Perché leggere questo articolo: The Economist, prestigiosa rivista finanza internazionale, associa l’Italia all’instabilità. E la notizia è il fatto che il suo editore è la famiglia Agnelli-Elkann, le cui testate in patria parlano spesso del “prestigio internazionale” oggi ritenuto a rischio ma colpito dalla rivista britannica
L‘Economist targato Exor ci ricasca e pubblica la copertina “Britaly”. Che associa il caos nel governo britannico di Liz Truss a una sorta di “regressione” del Paese di Sua Maestà a livelli del Belpaese. Italia uguale instabilità, lascia intendere la testata di proprietà della famiglia Agnelli-Elkann. Che, da un lato, in Italia, raccomanda coi suoi media alla politica di lavorare per il prestigio internazionale del Paese e dall’altro, all’estero, con i suoi media non fa nulla per tutelarlo. Paragonare la crisi del governo Truss a qualsiasi problema di sistema nella politica italiana non è solo fuorviante. E’ a dir poco strumentale.

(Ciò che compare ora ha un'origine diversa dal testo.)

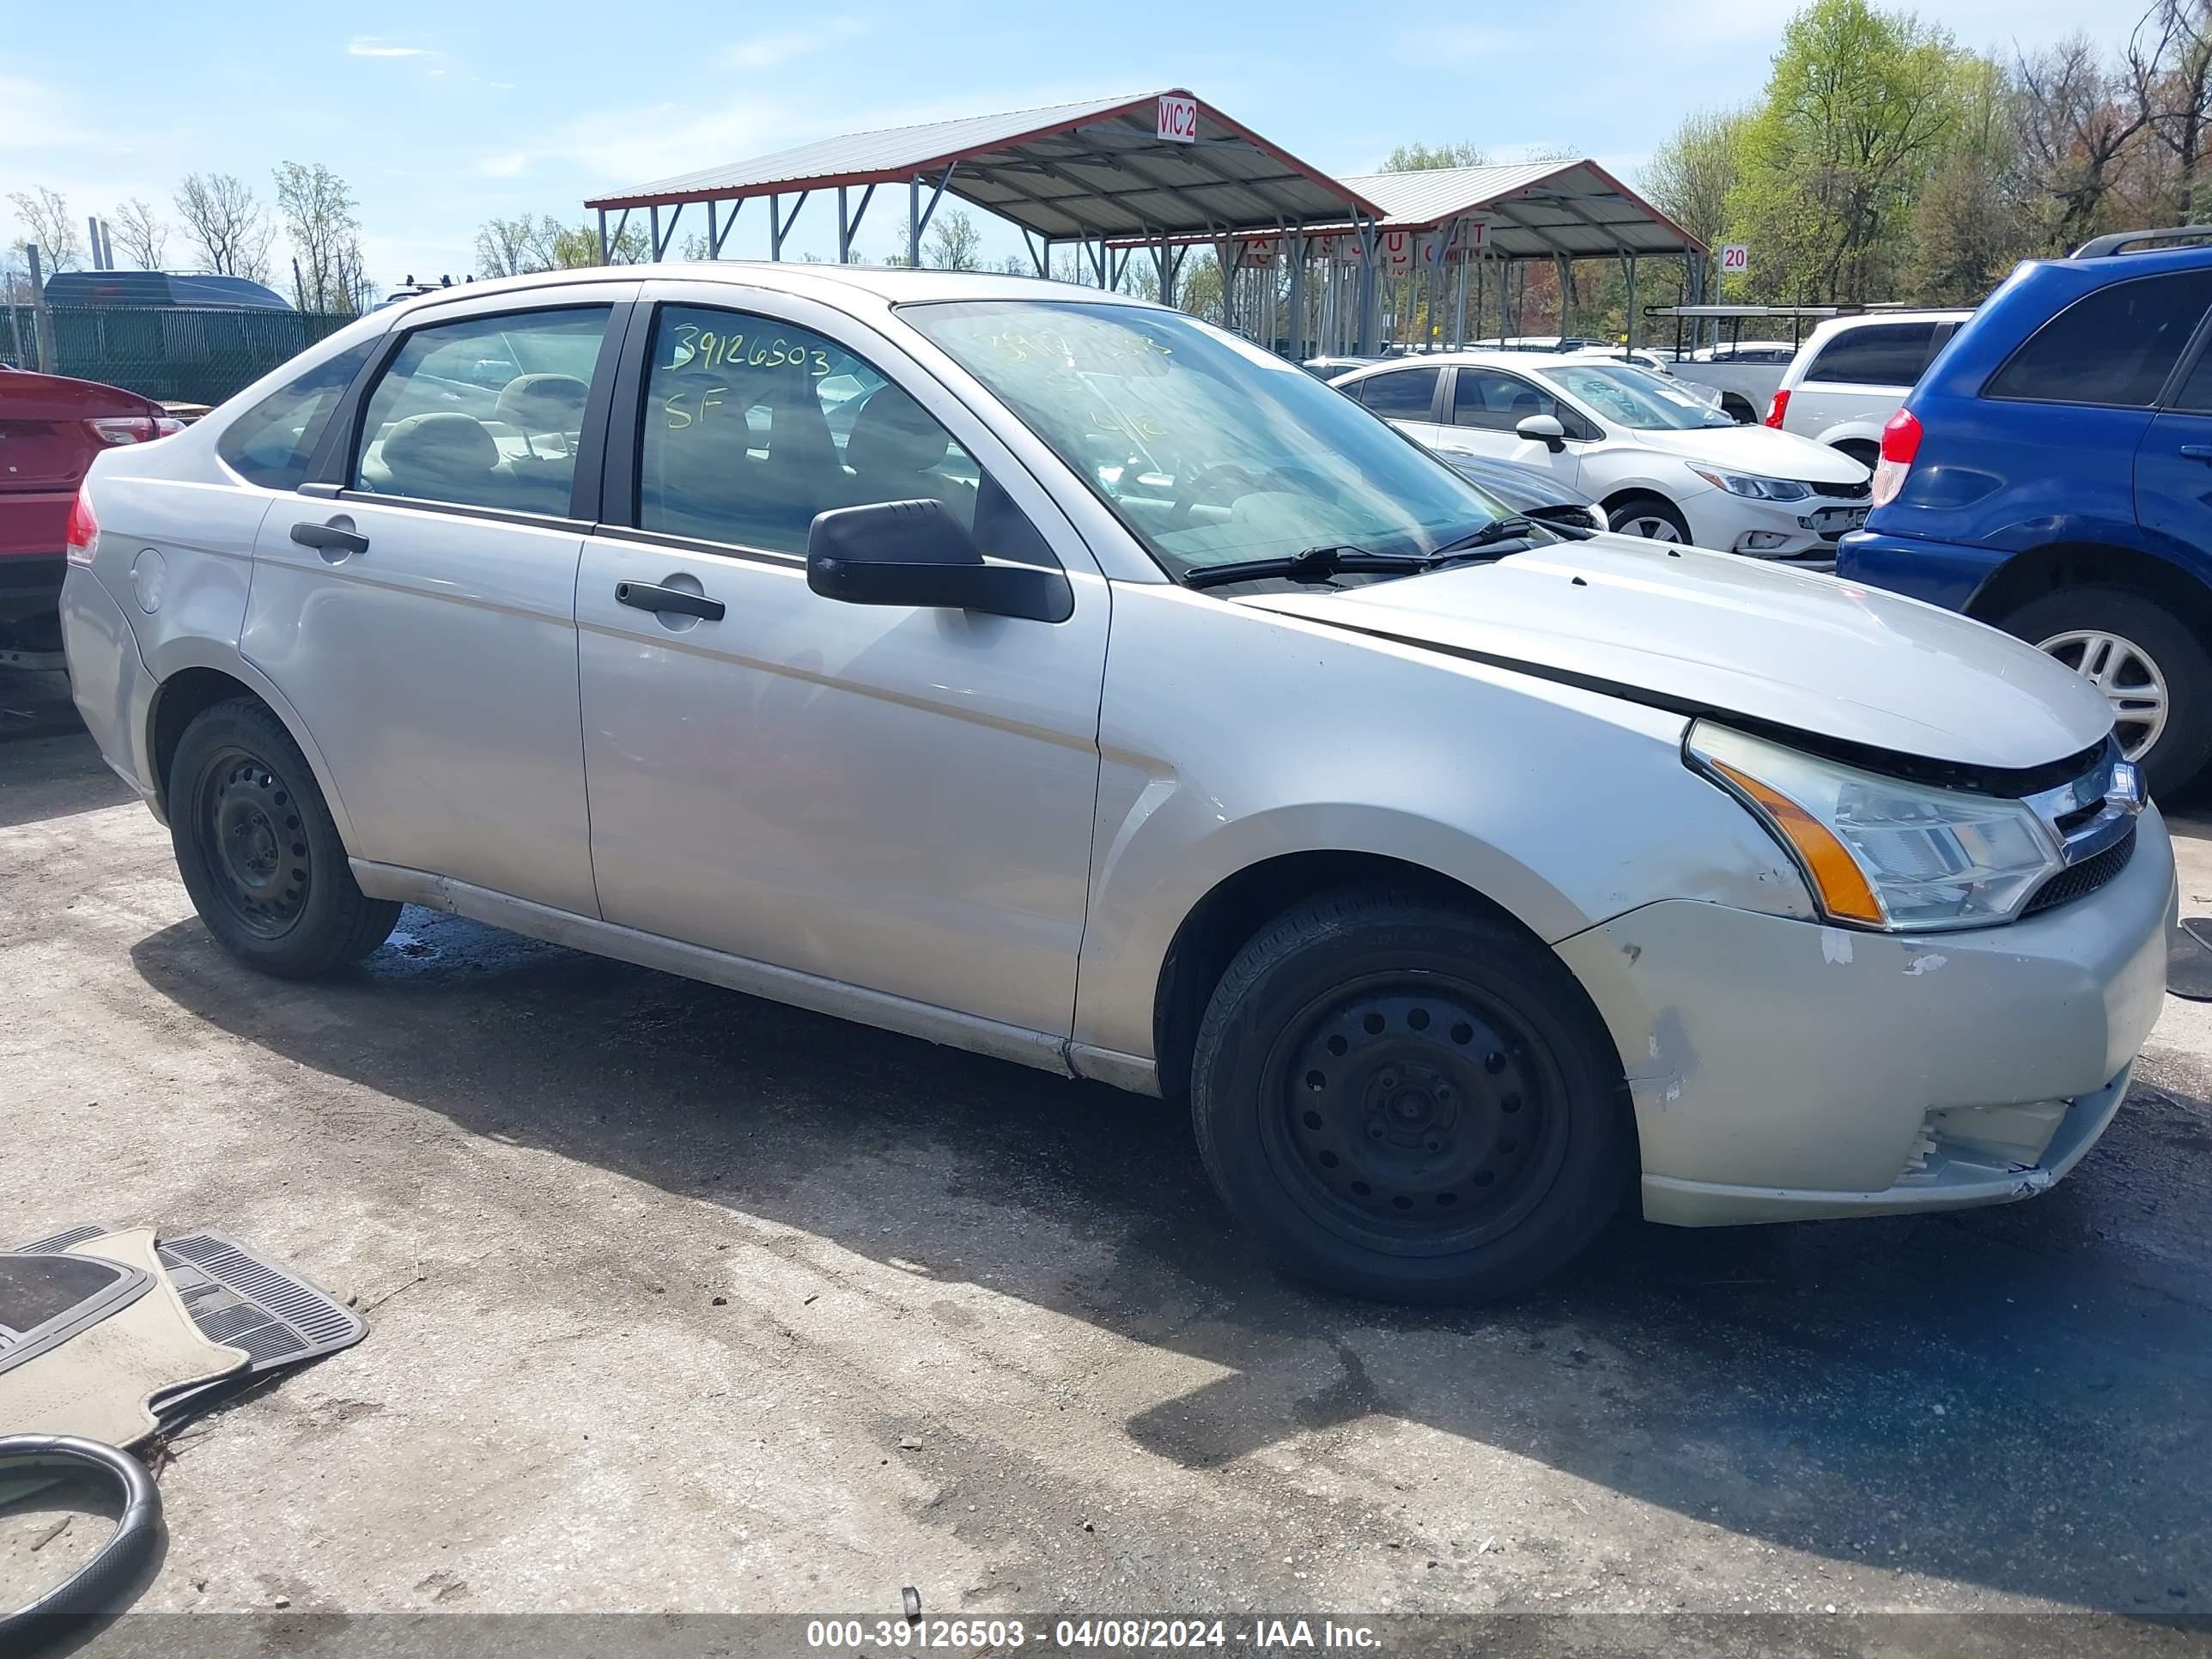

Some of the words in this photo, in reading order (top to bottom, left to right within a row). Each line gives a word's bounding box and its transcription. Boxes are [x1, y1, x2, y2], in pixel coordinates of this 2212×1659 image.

[1160, 101, 1183, 135] VIC
[1186, 106, 1194, 136] 2
[1388, 233, 1403, 252] U
[1474, 222, 1486, 244] T
[1724, 248, 1745, 267] 20
[662, 323, 830, 376] 39126503

The Economist: La Truss come un antico romano
La Truss, travolta nelle ultime settimane dal caos del flop della sua manovra economica e dalle dimissioni del Cancelliere dello Scacchiere Kwasi Kwarteng, è raffigurata come un antico romano, armata di una forchetta piena di spaghetti. Siamo al pregiudizio allo stato puro sullo stereotipo dell’Italia. Non importa che l’Italia abbia una stabilità politica ben maggiore di quella di Paesi come Usa, Regno Unito e Germania.
L’ipocrisia degli Agnelli-Elkann
Certo, per Roma questa non è un età dell’oro. L’Italia vive gravi problematiche ma non è certamente il “malato d’Europa”, o non il solo. La copertina dell’ultimo numero non rende onore alla storia di una testata prestigiosa e di sfama mondiale come l’Economist. E in quel “Britaly” c’è tutta la supponenza di un certo ambiente mediatico, politico, finanziario paternalista e pregiudizievole verso l’Italia. Che ragiona sul Paese sulla base di stereotipi. Si arriva, perciò, a un paradosso.

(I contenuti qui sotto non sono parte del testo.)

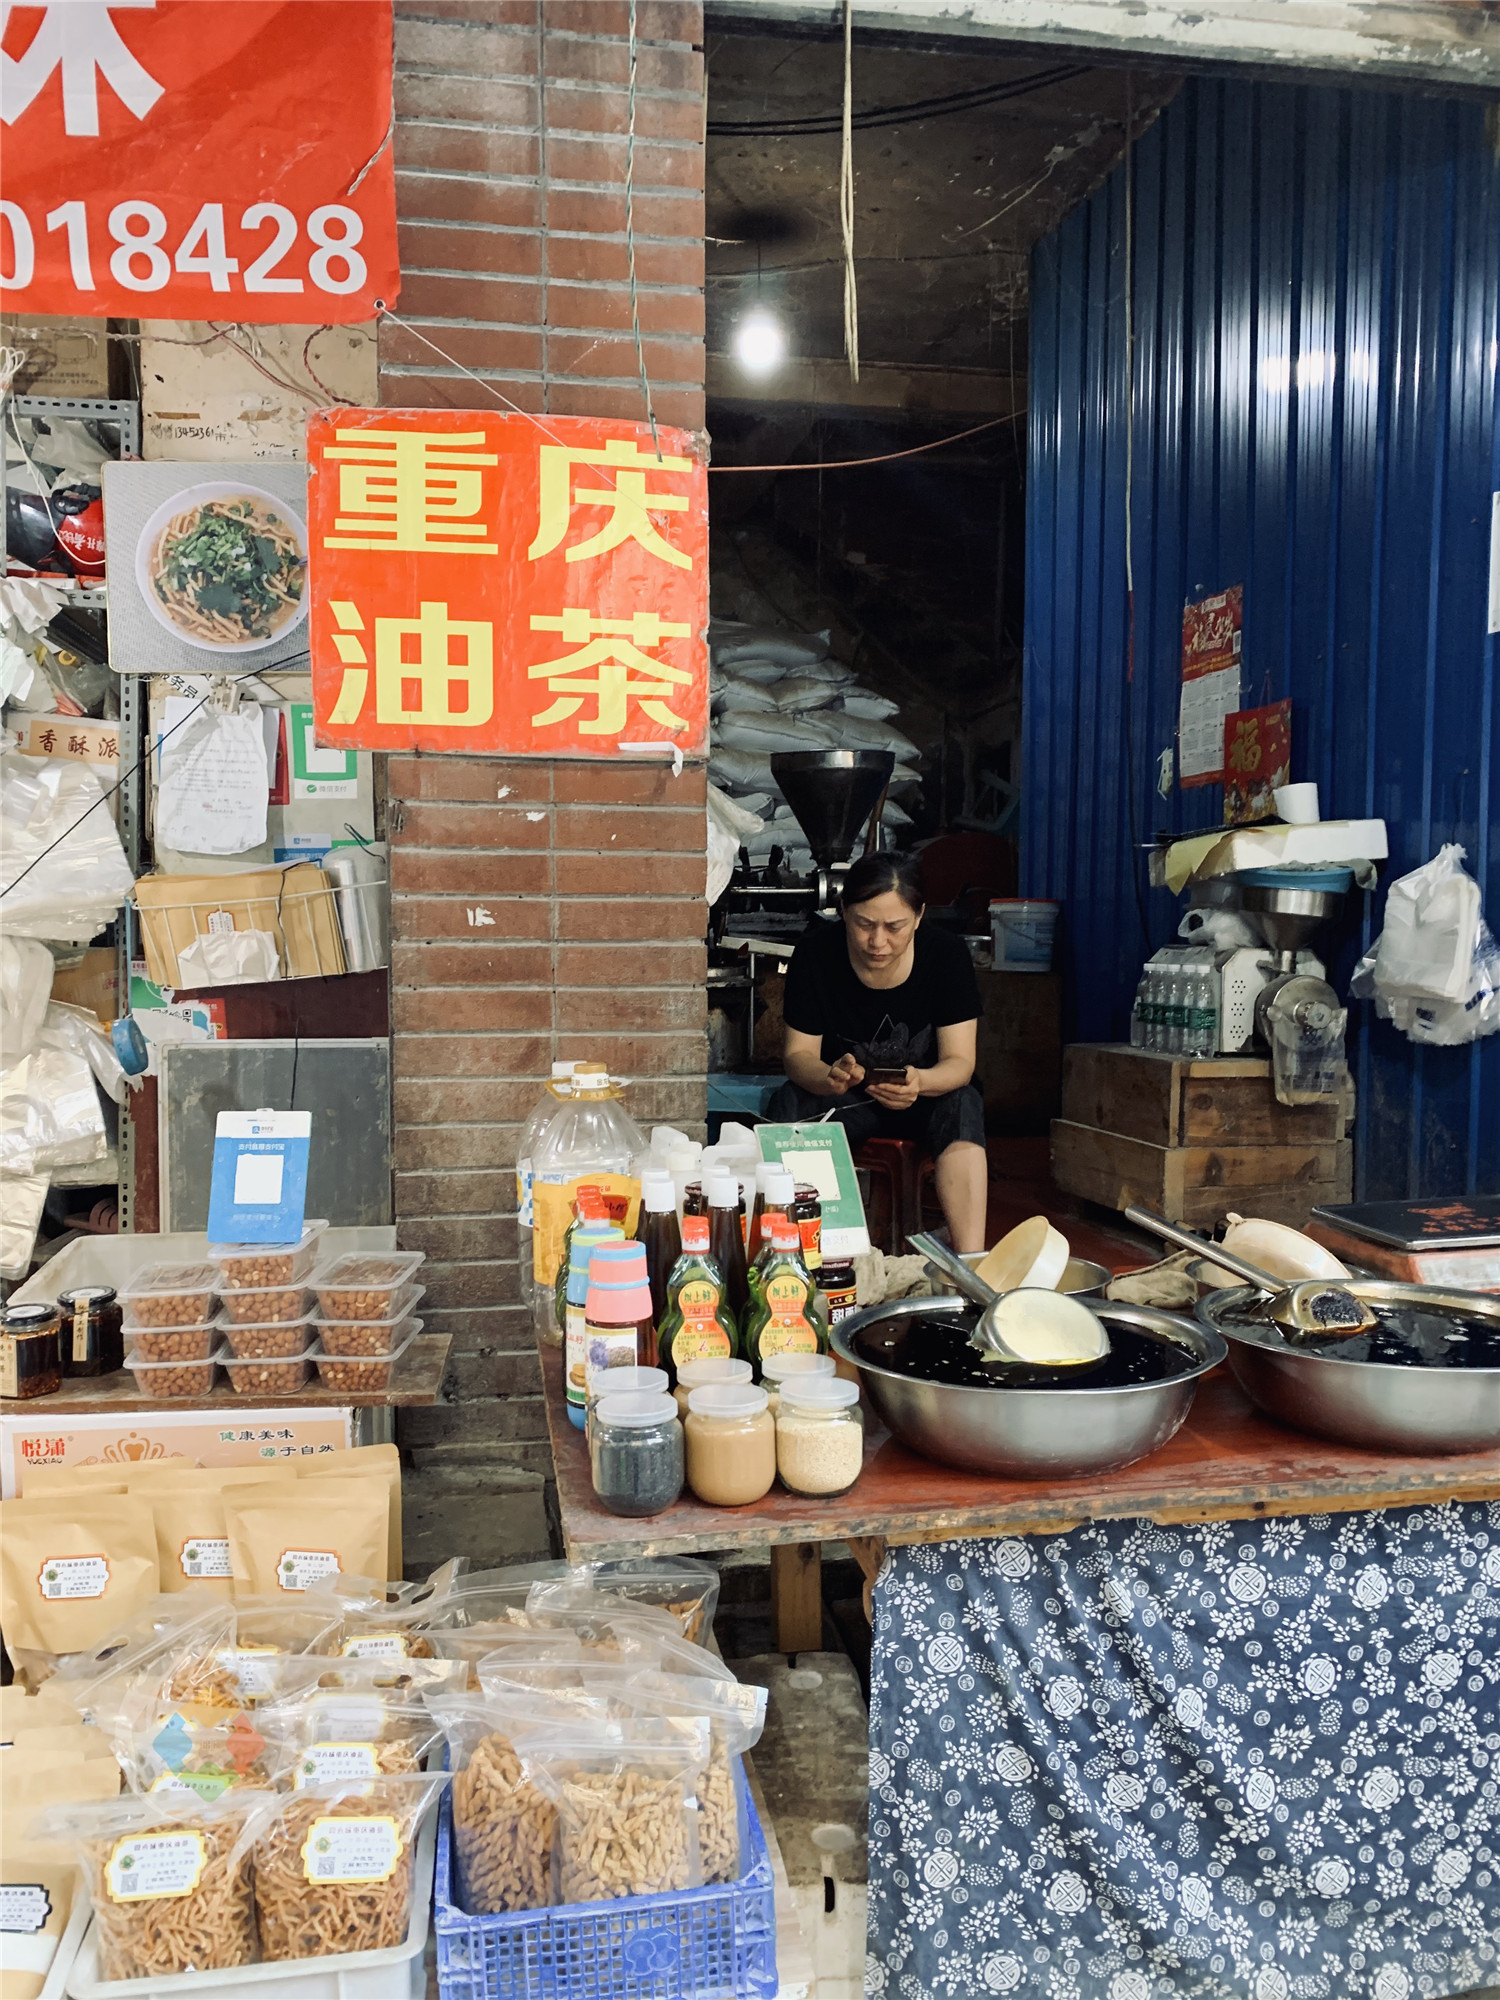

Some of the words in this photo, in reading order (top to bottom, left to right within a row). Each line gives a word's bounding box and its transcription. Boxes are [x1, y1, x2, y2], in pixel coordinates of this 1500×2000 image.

[323, 428, 693, 571] 重庆
[327, 600, 693, 735] 油茶
[39, 728, 120, 758] 香酥派
[1229, 717, 1262, 773] 福
[219, 1428, 294, 1442] 健康美味
[260, 1444, 335, 1458] 源于自然

Da un lato, in Italia i media targati Agnelli-Elkann, in primis Repubblica e La Stampa, in queste settimane piangono lacrime amare per la presunta “perdita di prestigio internazionale” dovuta alla caduta di Mario Draghi. Dall’altro, gli editori permettono che la loro testata britannica spari a zero sull’Italia stessa sulla base di pregiudizi, danneggiando negli ambienti di riferimento quel “prestigio” di cui spesso si parla. Un corto circuito politico, prima ancora che mediatico, che mostra una chiara subalternità culturale alle logiche anglosassoni. E che deve invitare a leggere con attenzione quanto arriva da testate straniere spesso considerate imparziali e super partes.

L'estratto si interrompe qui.